— Problem requirements —
Go through the listing below, and from the line containing "Some of the words" through its last line, transcribe every line exactly, skipping pictures.

___ Data records

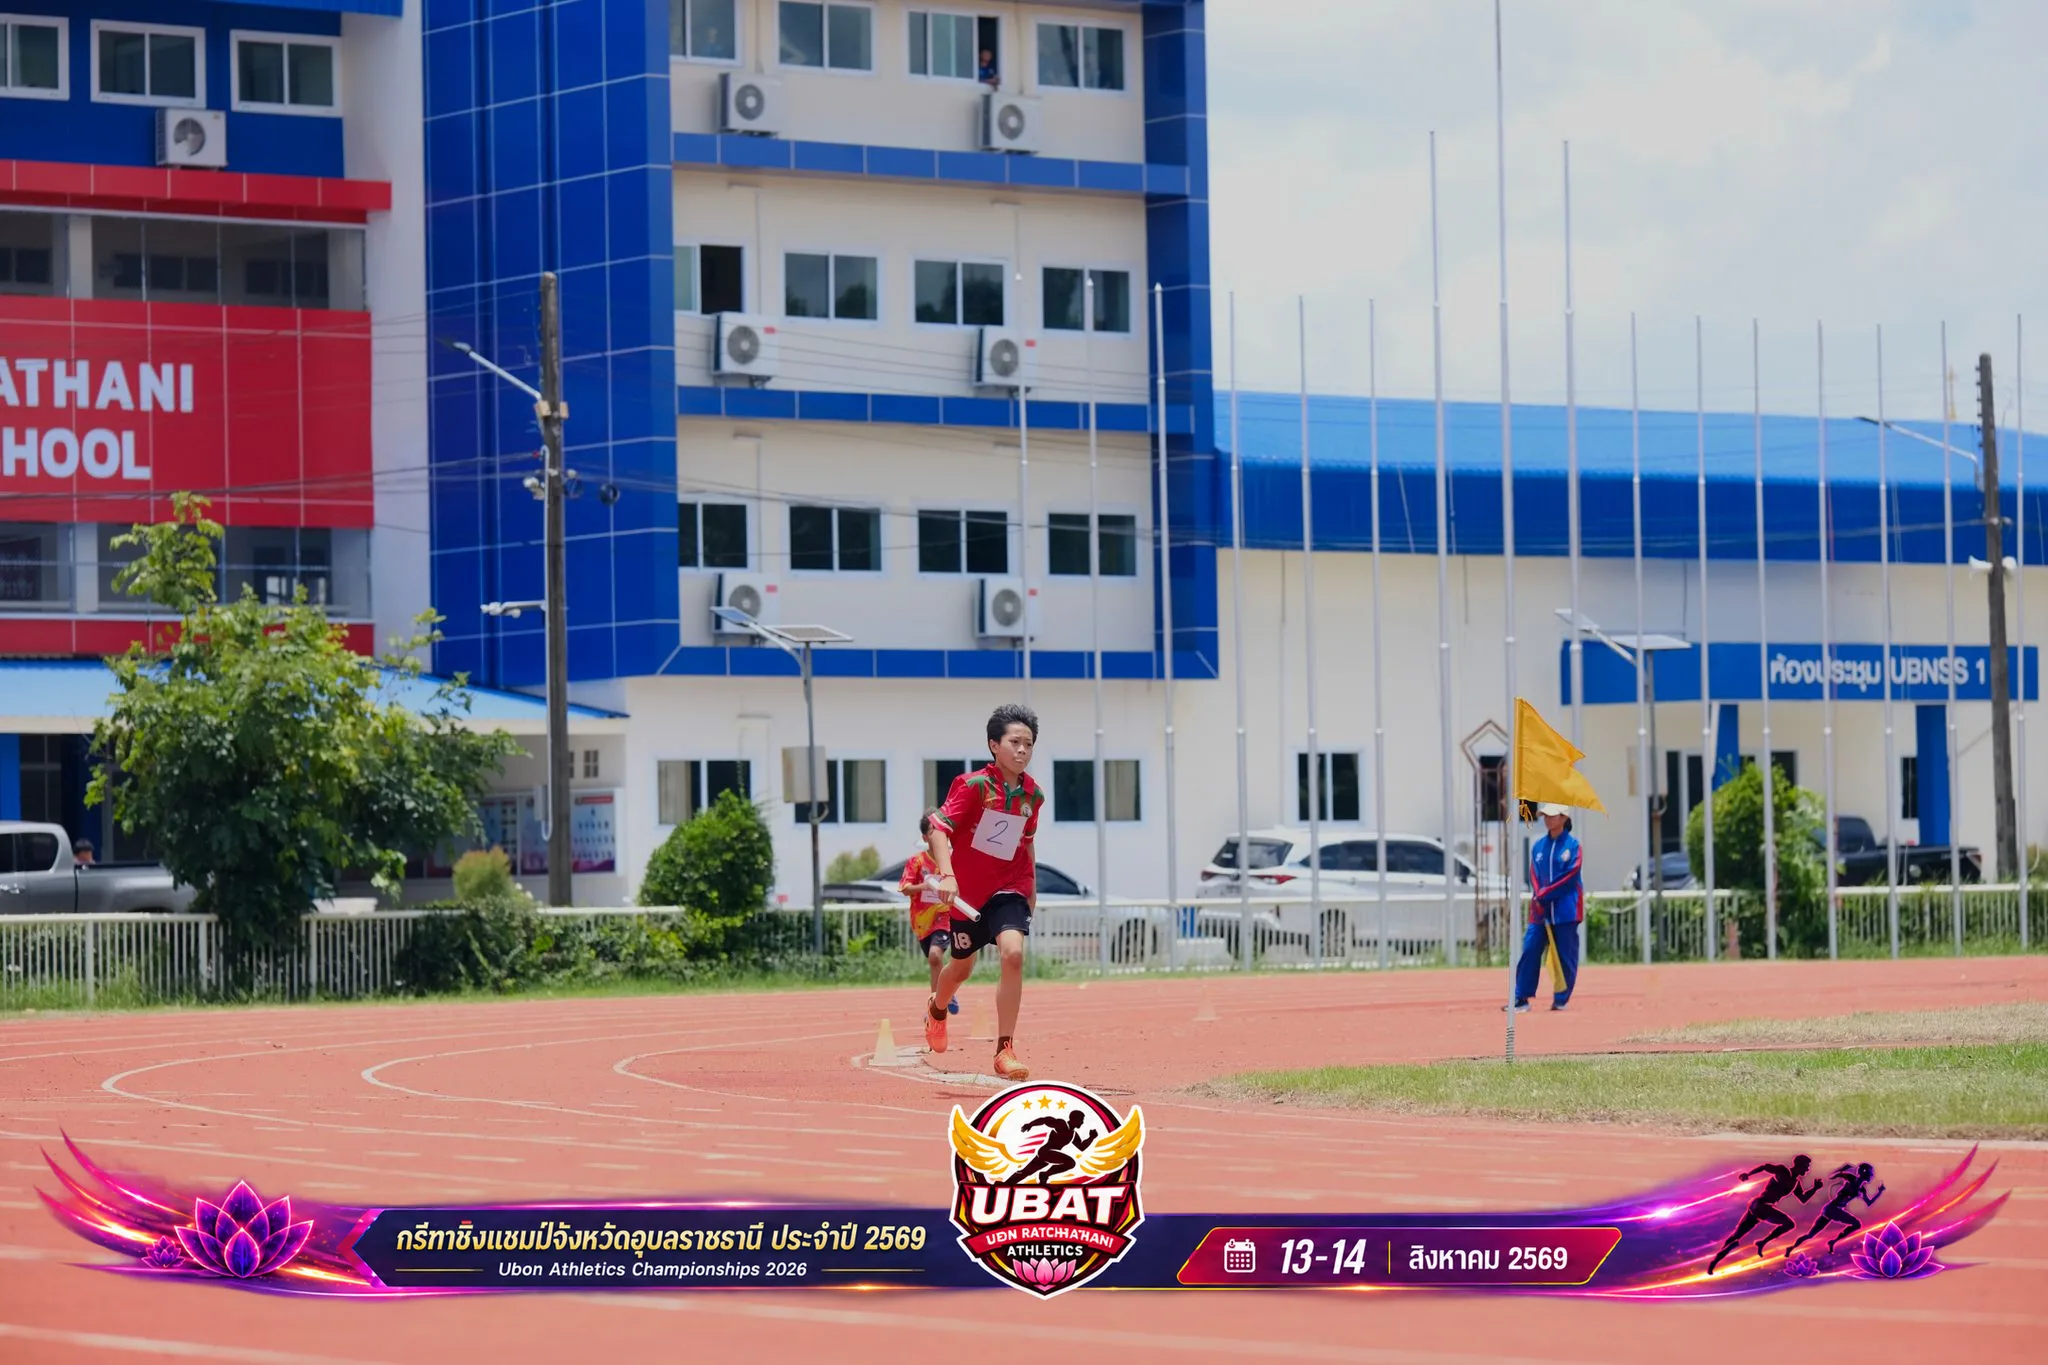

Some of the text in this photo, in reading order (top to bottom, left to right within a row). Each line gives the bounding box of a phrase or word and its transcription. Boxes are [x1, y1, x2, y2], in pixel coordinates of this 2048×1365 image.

[1890, 657, 1969, 685] UBNSS
[1976, 658, 1986, 685] 1
[986, 820, 1009, 845] 2
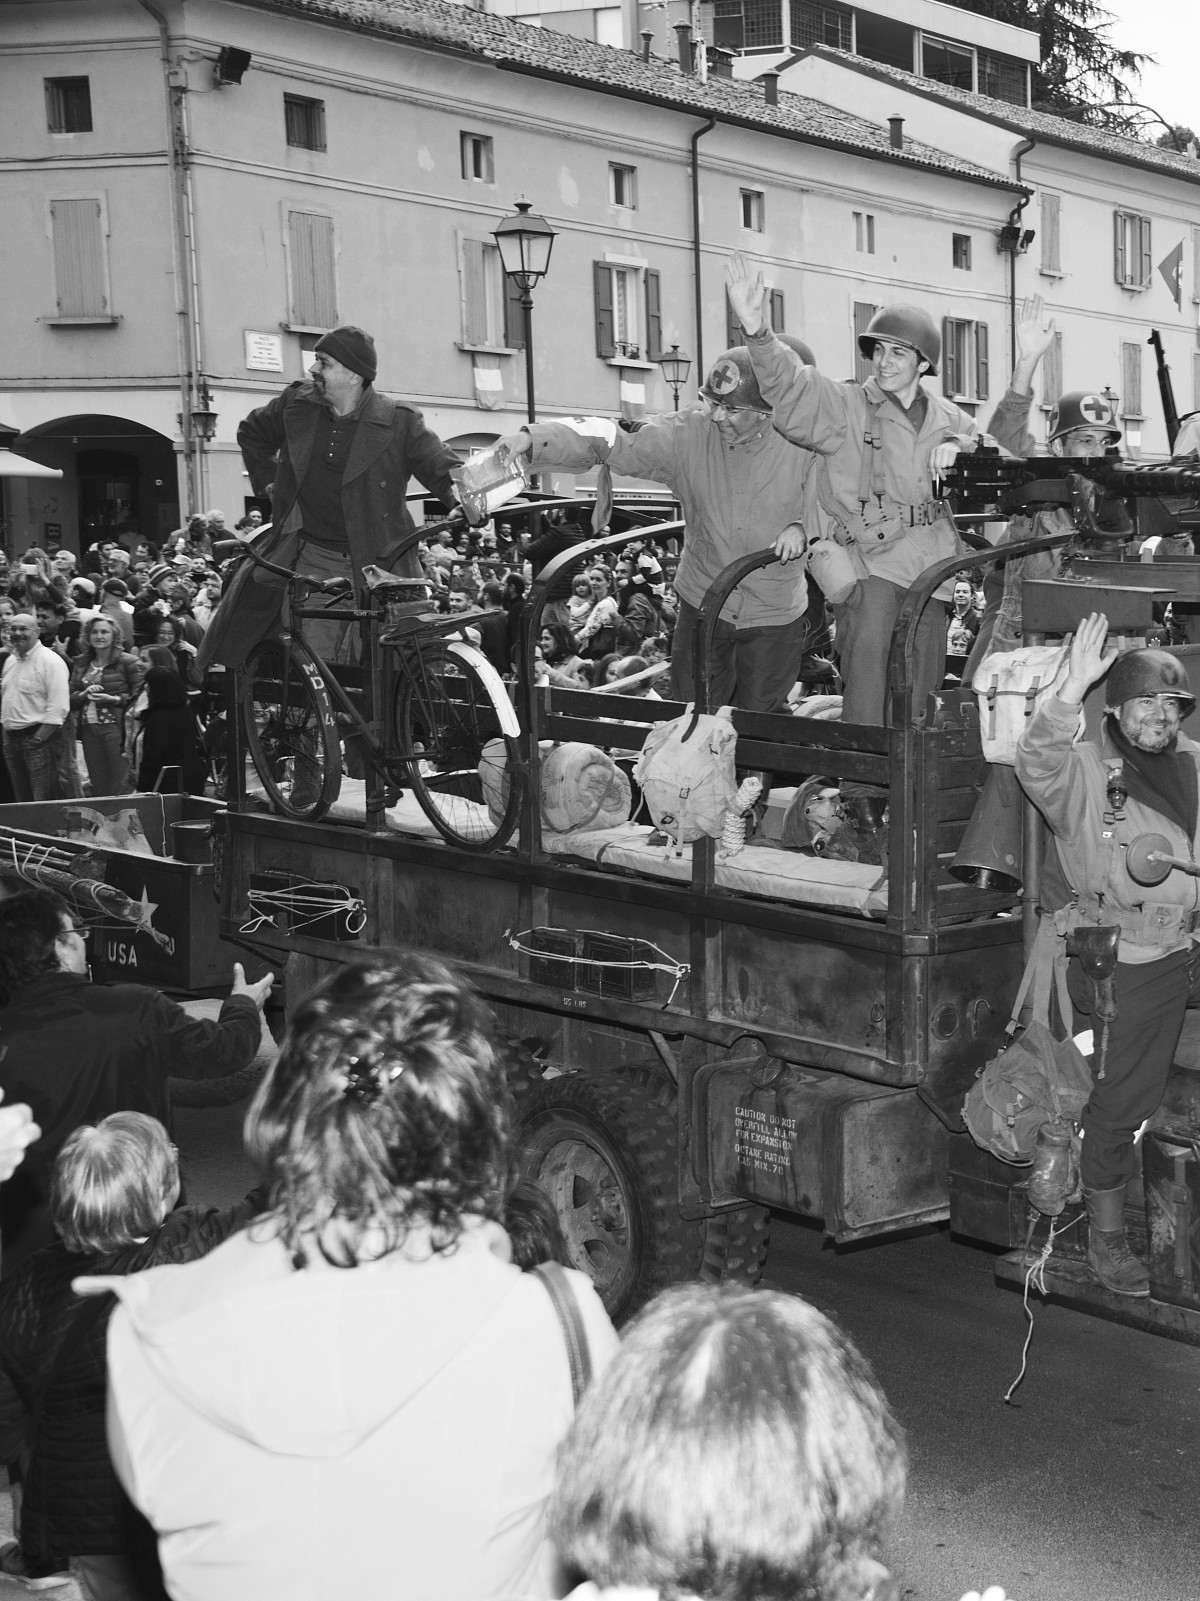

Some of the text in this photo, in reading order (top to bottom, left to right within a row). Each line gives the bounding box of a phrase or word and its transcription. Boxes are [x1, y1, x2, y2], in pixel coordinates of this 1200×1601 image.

[108, 940, 138, 968] USA
[735, 1106, 766, 1122] CAUTION
[769, 1114, 780, 1125] DO
[734, 1117, 771, 1135] OVERFILL
[735, 1129, 793, 1151] FOR EXPANSION
[734, 1143, 763, 1159] OCTANE
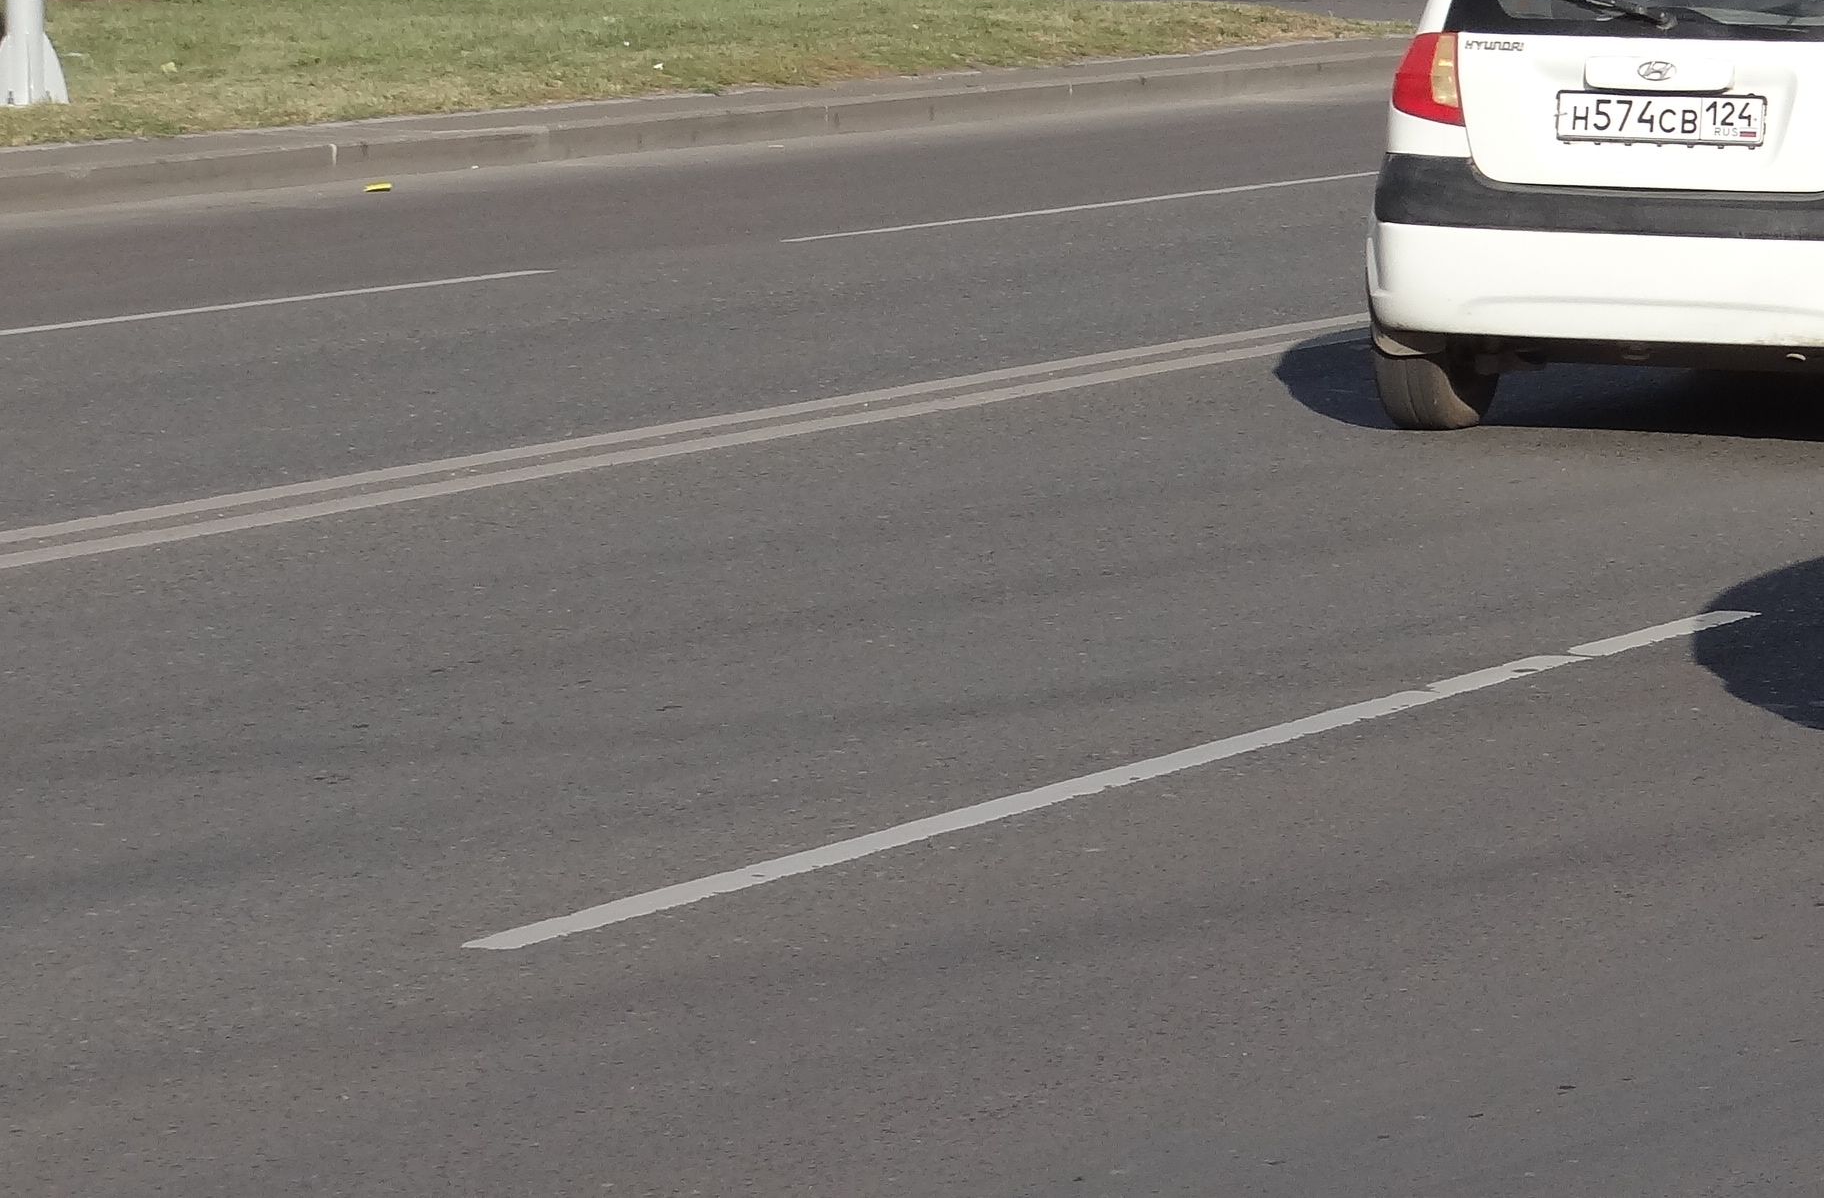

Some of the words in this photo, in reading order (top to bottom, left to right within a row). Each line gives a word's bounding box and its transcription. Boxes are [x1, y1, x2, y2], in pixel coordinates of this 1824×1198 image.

[1464, 40, 1525, 51] HYUNDAI
[1572, 99, 1698, 134] Н574СВ
[1705, 101, 1752, 127] 124
[1715, 127, 1739, 137] RUS
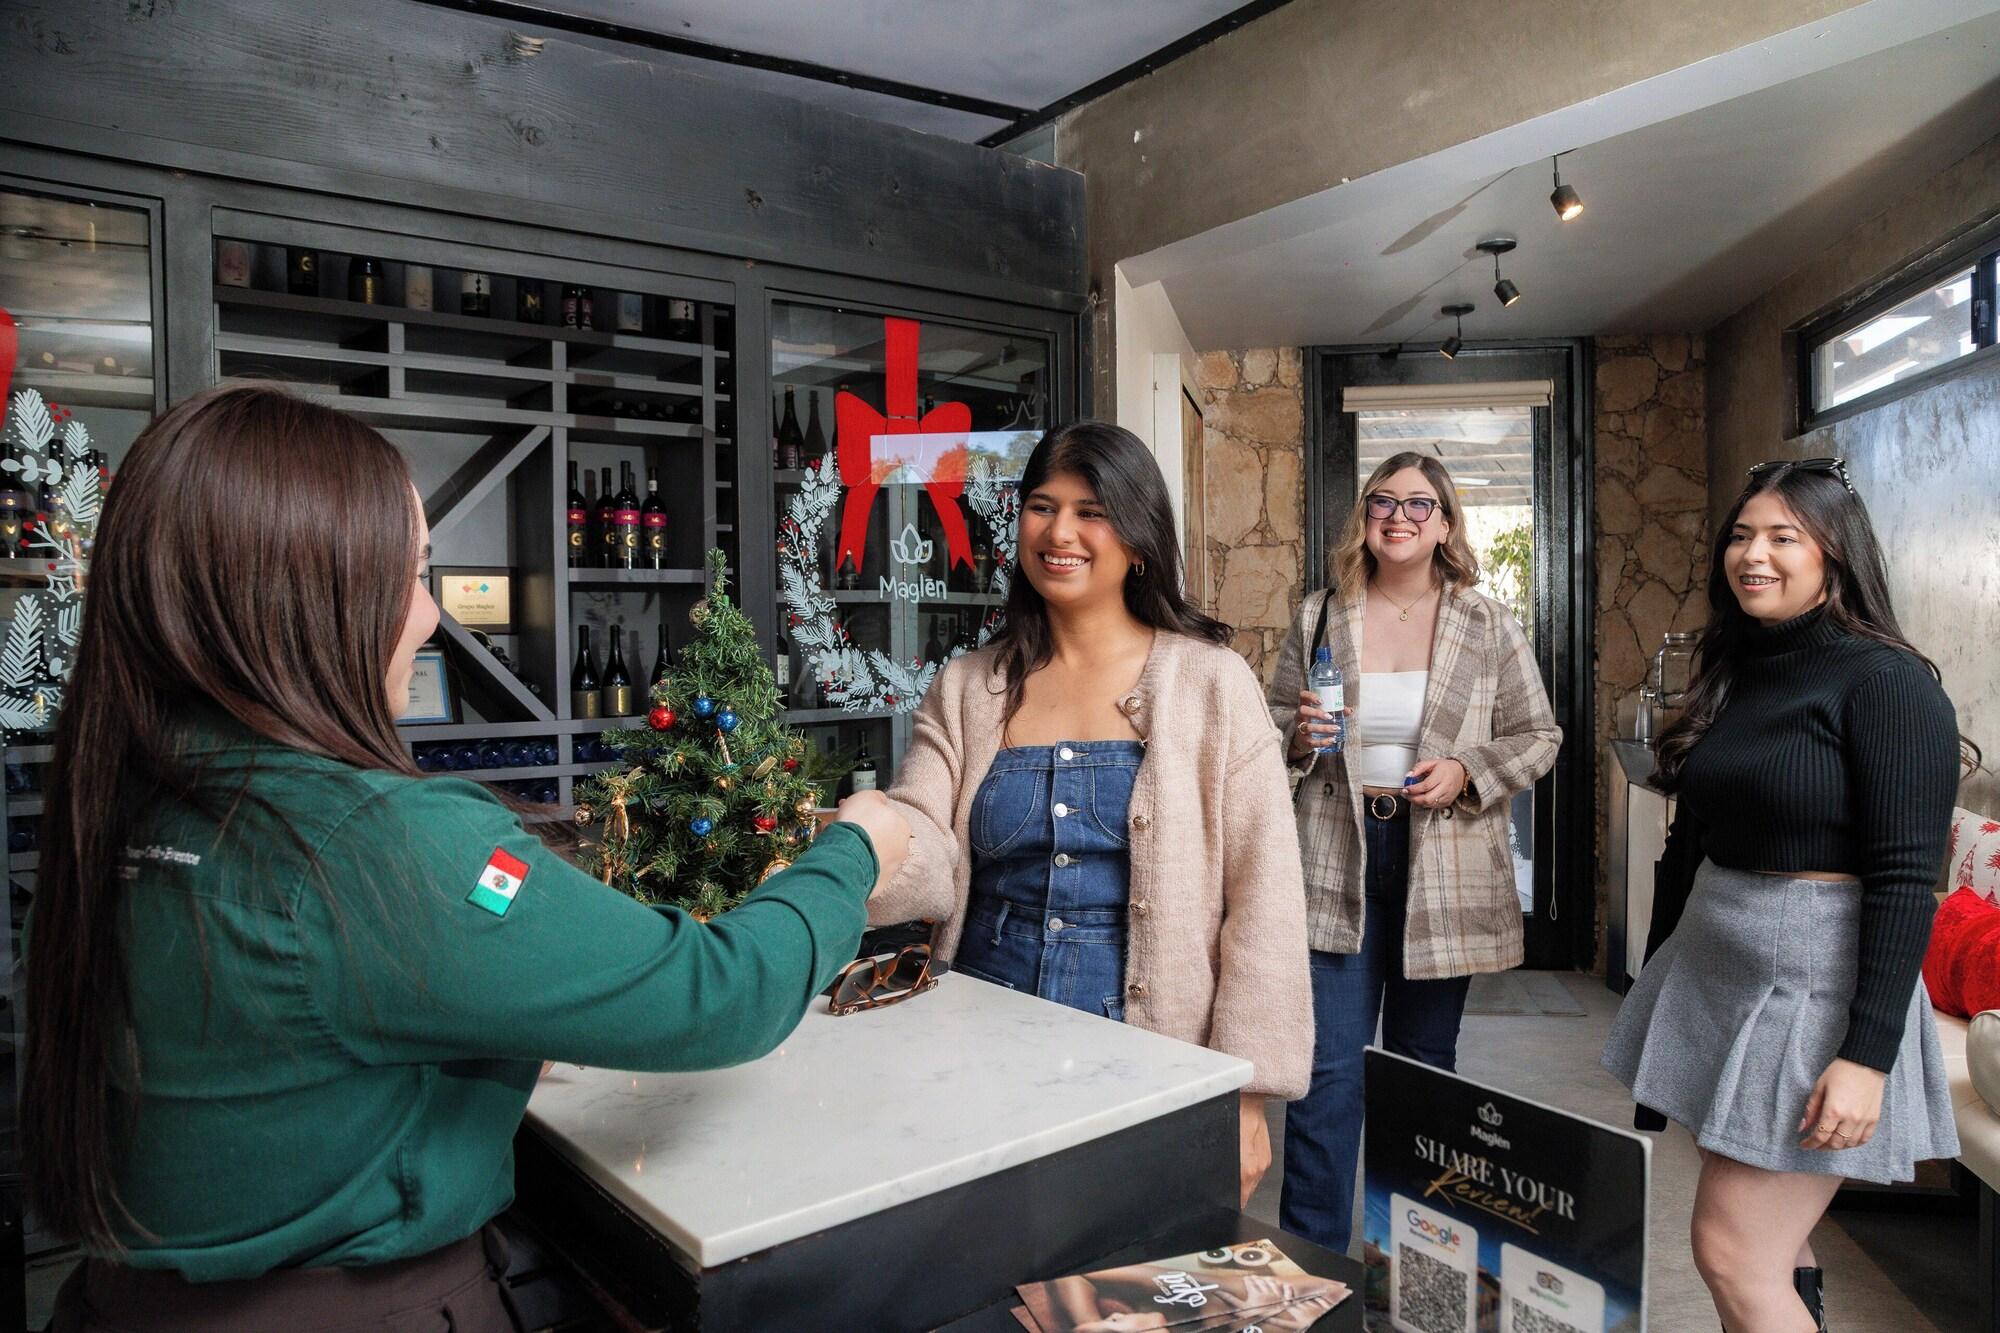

______

— Answer section —
Some of the words in this photo, in reading order (top to bottom, left to right within a row). Each line gives a word's bounding box and its transcription. Boxes are [x1, y1, x2, y2], in pixel coordinates of this 1824×1198 image.

[1464, 40, 1525, 51] HYUNDAI
[1572, 99, 1698, 134] Н574СВ
[1705, 101, 1752, 127] 124
[1715, 127, 1739, 137] RUS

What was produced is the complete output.